### Task to carry out
Output all of the data exactly, keeping any images out of the copy.

### Exercise data
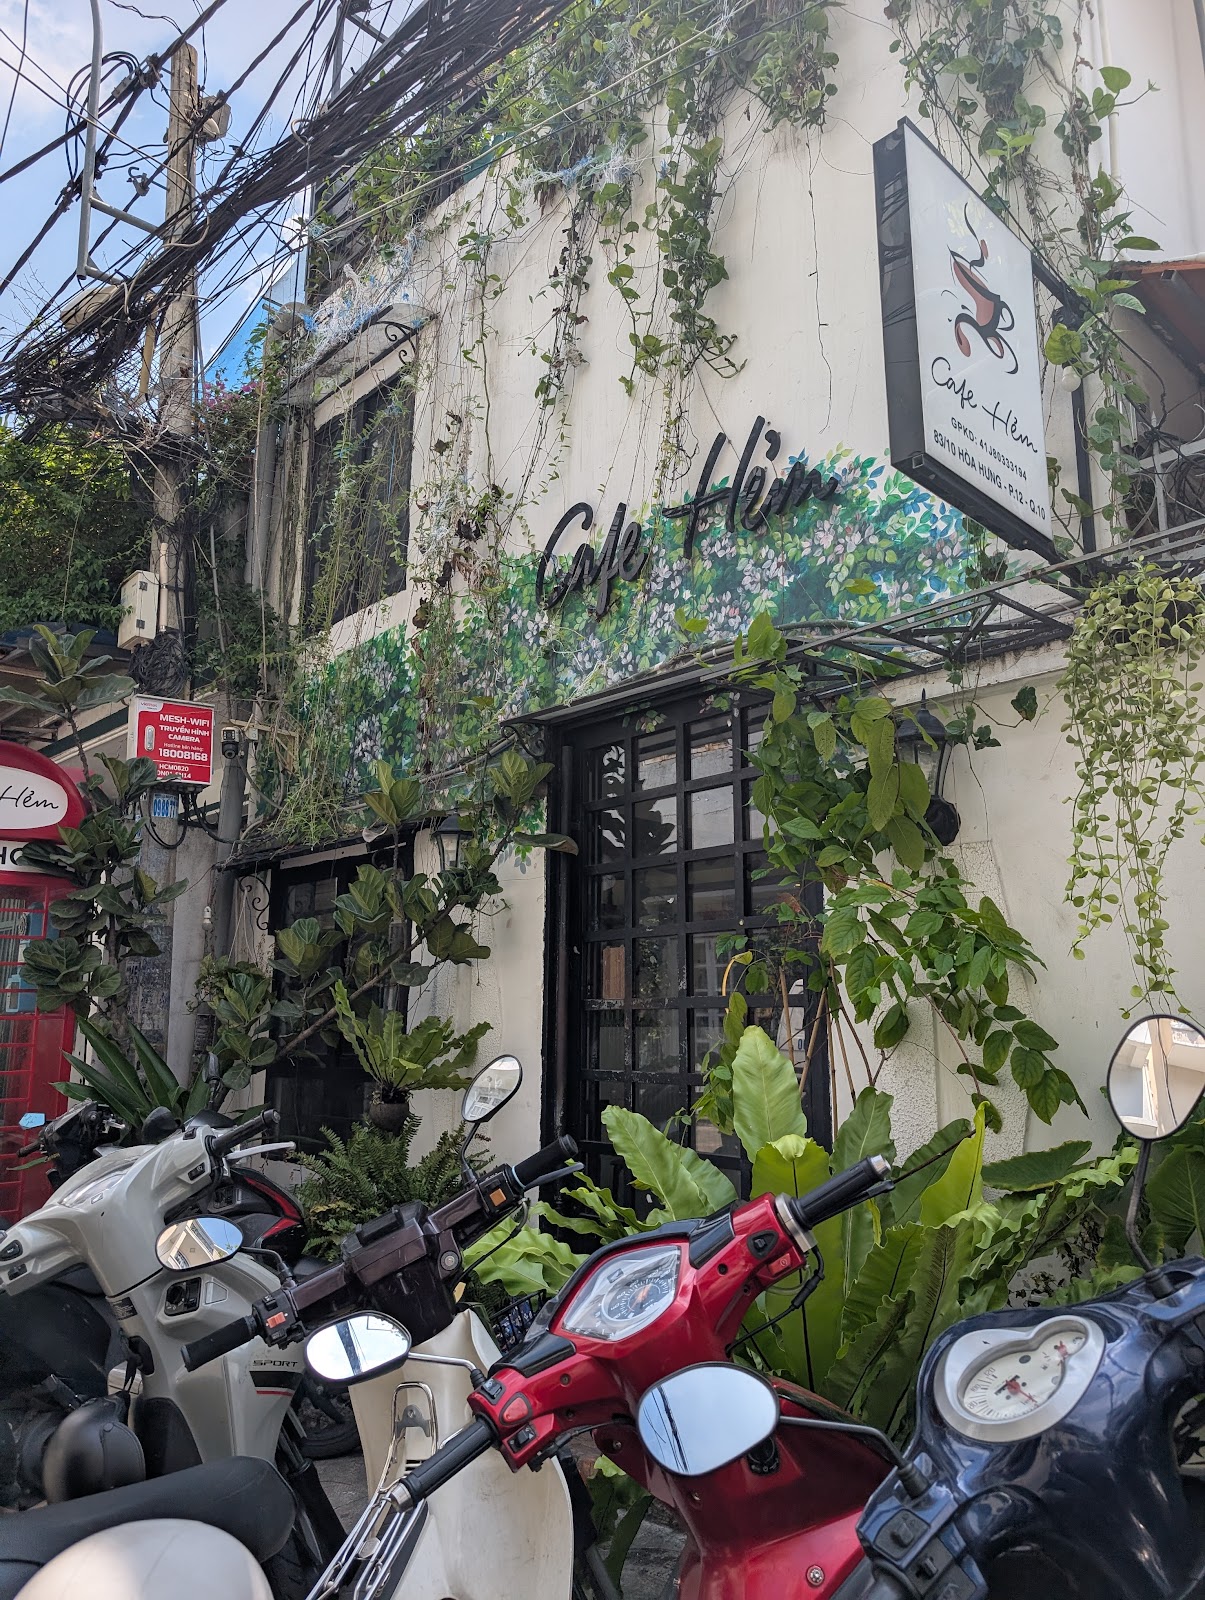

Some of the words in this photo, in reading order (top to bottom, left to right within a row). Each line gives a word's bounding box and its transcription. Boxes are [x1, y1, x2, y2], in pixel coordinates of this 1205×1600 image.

[931, 356, 978, 409] Cafe
[981, 401, 1039, 453] Hẻm
[951, 416, 978, 446] GPKD:
[933, 429, 957, 456] 83/10
[957, 446, 977, 472] HÒA
[1008, 483, 1024, 505] P.12
[1029, 498, 1046, 520] Q.10
[536, 501, 648, 616] Cafe
[159, 714, 209, 727] MESH-WIFI
[168, 734, 200, 743] CAMERA
[158, 748, 208, 761] 18008168
[0, 785, 59, 809] Hẻm

### Exercise answer
Some of the words in this photo, in reading order (top to bottom, left to right within a row). Each line gives a word's bounding box and its transcription. Boxes are [x1, y1, x2, y2], in pixel coordinates of this 1205×1600 image.

[931, 356, 978, 409] Cafe
[981, 401, 1039, 453] Hẻm
[951, 416, 978, 446] GPKD:
[933, 429, 957, 456] 83/10
[957, 446, 977, 472] HÒA
[1008, 483, 1024, 505] P.12
[1029, 498, 1046, 520] Q.10
[536, 501, 648, 616] Cafe
[159, 714, 209, 727] MESH-WIFI
[168, 734, 200, 743] CAMERA
[158, 748, 208, 761] 18008168
[0, 785, 59, 809] Hẻm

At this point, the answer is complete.